◆ PROBLEM TO WORK ON
Print all the data that follows exactly, images excluded.

◆ SUPPLIED MATERIAL

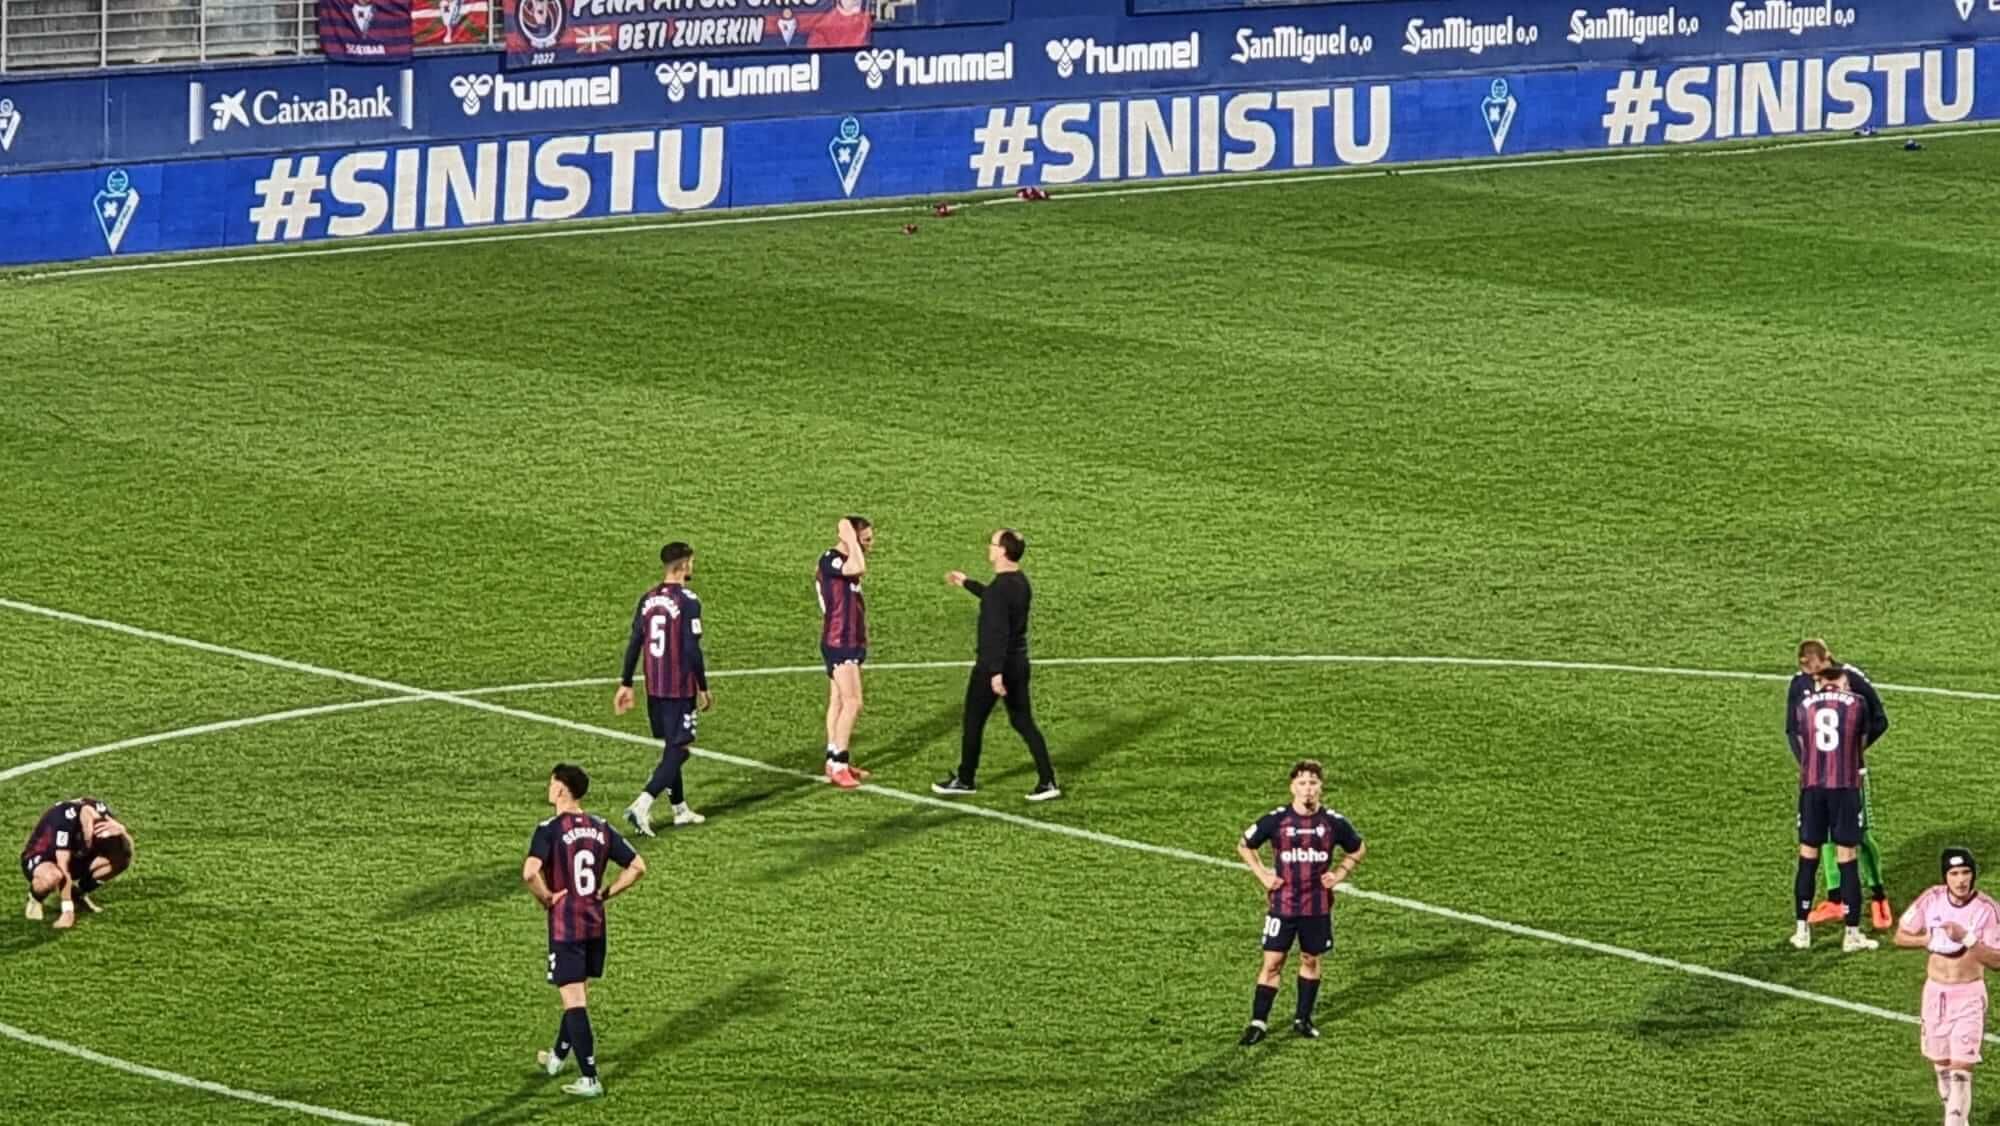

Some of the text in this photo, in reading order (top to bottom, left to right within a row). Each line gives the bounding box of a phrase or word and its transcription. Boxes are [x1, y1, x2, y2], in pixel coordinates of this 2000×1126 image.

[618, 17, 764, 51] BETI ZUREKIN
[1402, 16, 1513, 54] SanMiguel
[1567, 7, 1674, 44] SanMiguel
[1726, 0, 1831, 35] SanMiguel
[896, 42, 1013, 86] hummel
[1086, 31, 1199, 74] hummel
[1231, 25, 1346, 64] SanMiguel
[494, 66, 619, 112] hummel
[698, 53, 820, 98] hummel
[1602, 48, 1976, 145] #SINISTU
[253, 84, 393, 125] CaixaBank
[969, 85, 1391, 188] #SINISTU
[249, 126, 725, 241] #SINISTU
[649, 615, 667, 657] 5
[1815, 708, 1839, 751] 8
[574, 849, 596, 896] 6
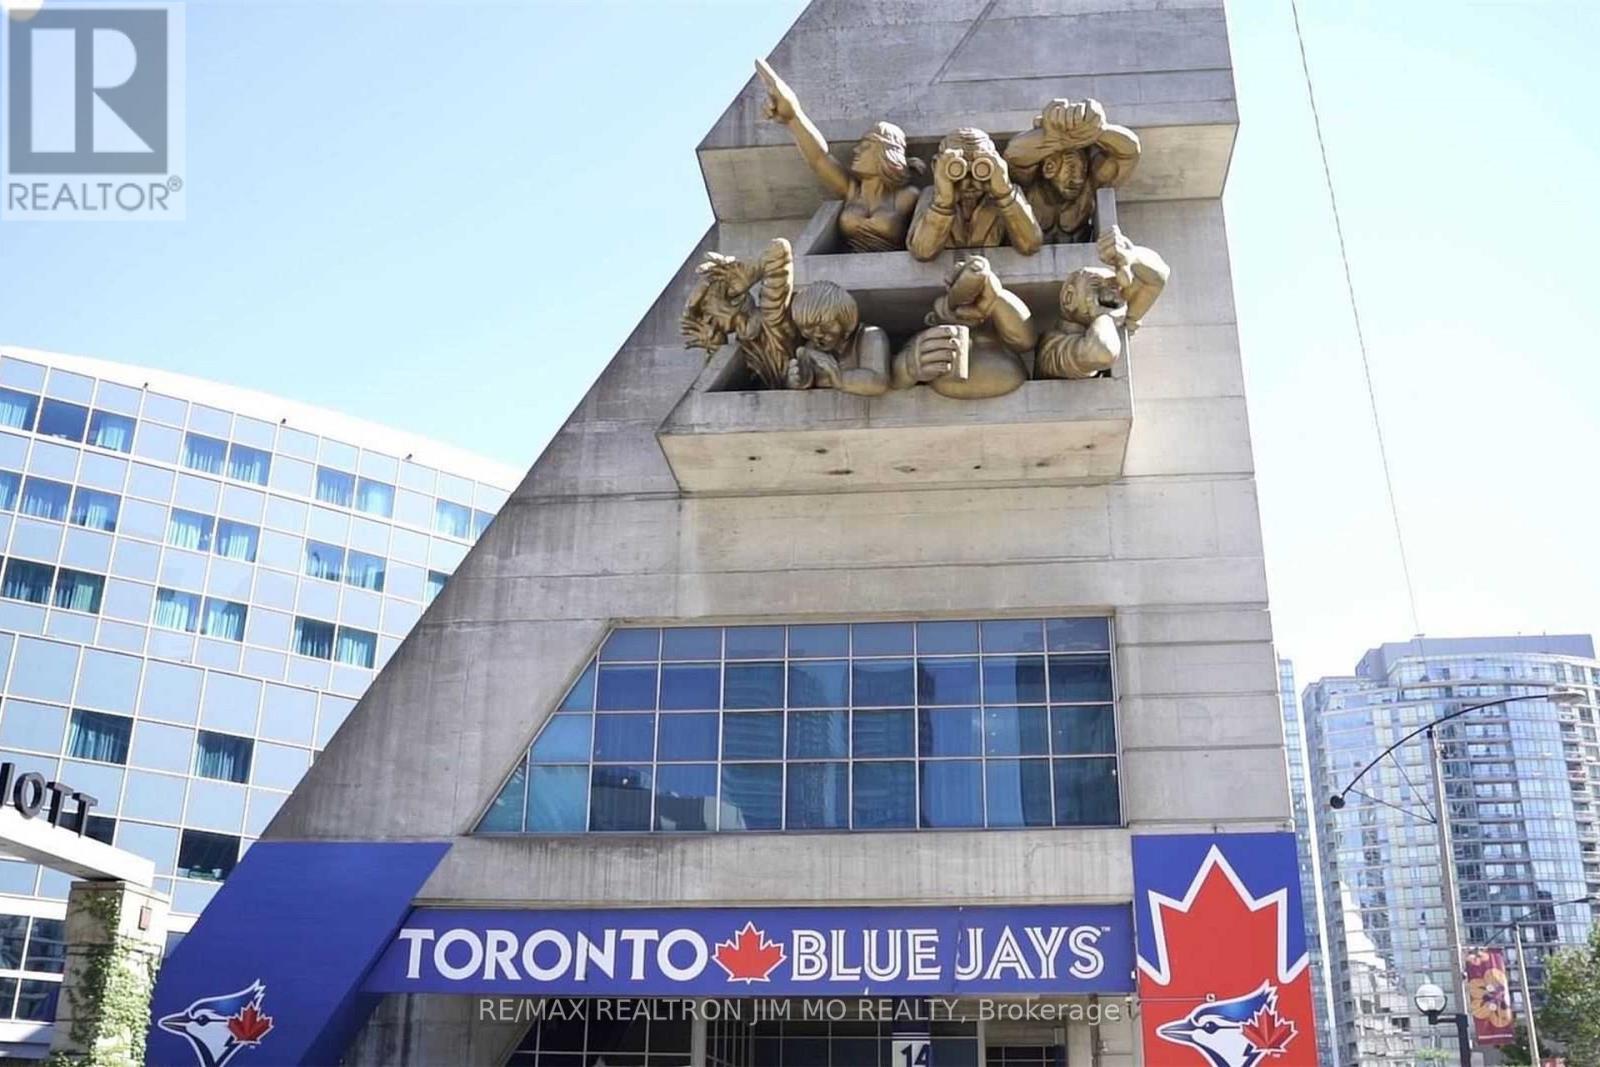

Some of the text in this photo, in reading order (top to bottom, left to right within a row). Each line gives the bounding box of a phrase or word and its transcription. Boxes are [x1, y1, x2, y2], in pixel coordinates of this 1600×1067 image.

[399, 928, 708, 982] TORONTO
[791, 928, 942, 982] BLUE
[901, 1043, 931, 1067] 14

◆ EXERCISE SOLUTION
Some of the text in this photo, in reading order (top to bottom, left to right within a row). Each line gives the bounding box of a phrase or word and its transcription. Boxes are [x1, y1, x2, y2], in pixel coordinates of this 2000×1126 image.

[618, 17, 764, 51] BETI ZUREKIN
[1402, 16, 1513, 54] SanMiguel
[1567, 7, 1674, 44] SanMiguel
[1726, 0, 1831, 35] SanMiguel
[896, 42, 1013, 86] hummel
[1086, 31, 1199, 74] hummel
[1231, 25, 1346, 64] SanMiguel
[494, 66, 619, 112] hummel
[698, 53, 820, 98] hummel
[1602, 48, 1976, 145] #SINISTU
[253, 84, 393, 125] CaixaBank
[969, 85, 1391, 188] #SINISTU
[249, 126, 725, 241] #SINISTU
[649, 615, 667, 657] 5
[1815, 708, 1839, 751] 8
[574, 849, 596, 896] 6

Some of the text in this photo, in reading order (top to bottom, left to right within a row). Each line gives the bounding box of a phrase or word and its transcription. Boxes are [x1, y1, x2, y2], in pixel coordinates of this 1600×1067 image.

[399, 928, 708, 982] TORONTO
[791, 928, 942, 982] BLUE
[901, 1043, 931, 1067] 14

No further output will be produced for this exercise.